* **What you have to do**:
Make an exact copy of all the entries, with the pictures left out.

(Collected data entries)

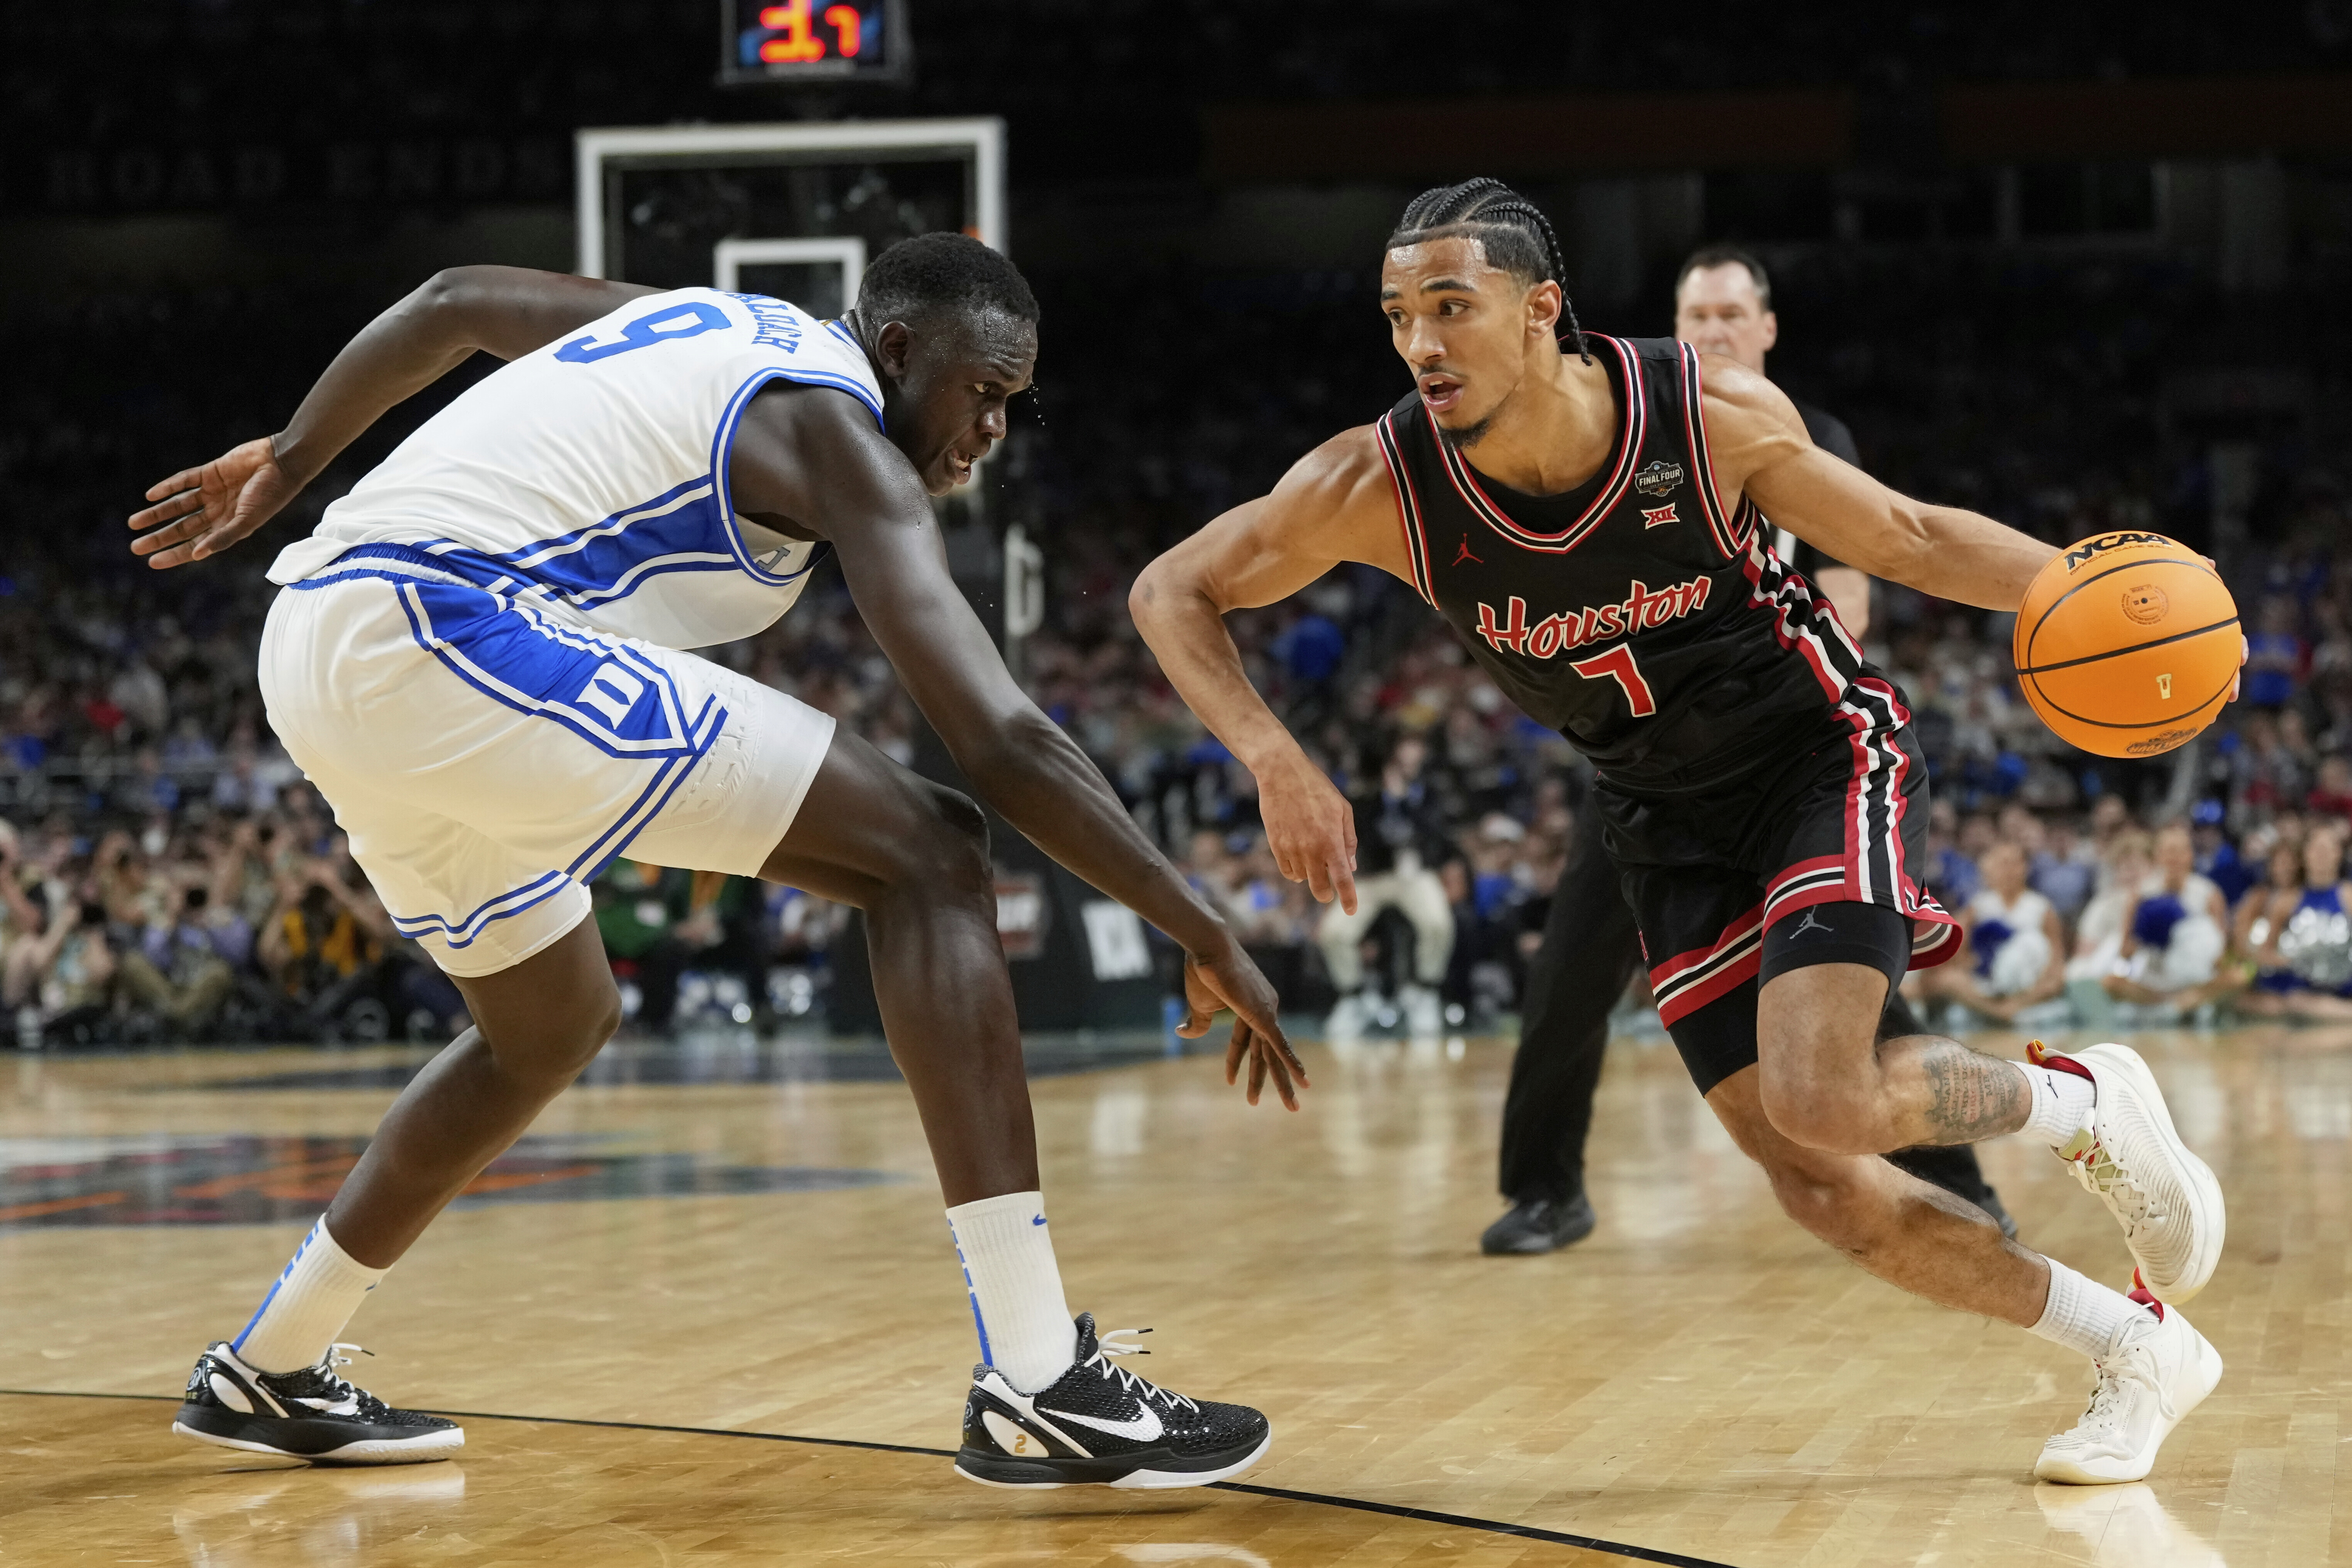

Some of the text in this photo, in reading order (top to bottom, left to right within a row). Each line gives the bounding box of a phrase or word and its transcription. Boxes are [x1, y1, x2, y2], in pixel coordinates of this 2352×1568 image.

[552, 302, 732, 364] 9
[1639, 474, 1660, 486] FINAL
[1661, 469, 1680, 481] FOUR
[1642, 504, 1679, 528] XII
[2064, 534, 2173, 570] NCAA
[2070, 552, 2113, 575] OFFICIAL
[1476, 575, 1712, 659] Houston
[1569, 642, 1657, 718] 7
[1014, 1434, 1027, 1453] 2

* **Expected answer**:
Some of the text in this photo, in reading order (top to bottom, left to right within a row). Each line gives the bounding box of a phrase or word and its transcription. Boxes are [x1, y1, x2, y2], in pixel coordinates of this 2352×1568 image.

[552, 302, 732, 364] 9
[1639, 474, 1660, 486] FINAL
[1661, 469, 1680, 481] FOUR
[1642, 504, 1679, 528] XII
[2064, 534, 2173, 570] NCAA
[2070, 552, 2113, 575] OFFICIAL
[1476, 575, 1712, 659] Houston
[1569, 642, 1657, 718] 7
[1014, 1434, 1027, 1453] 2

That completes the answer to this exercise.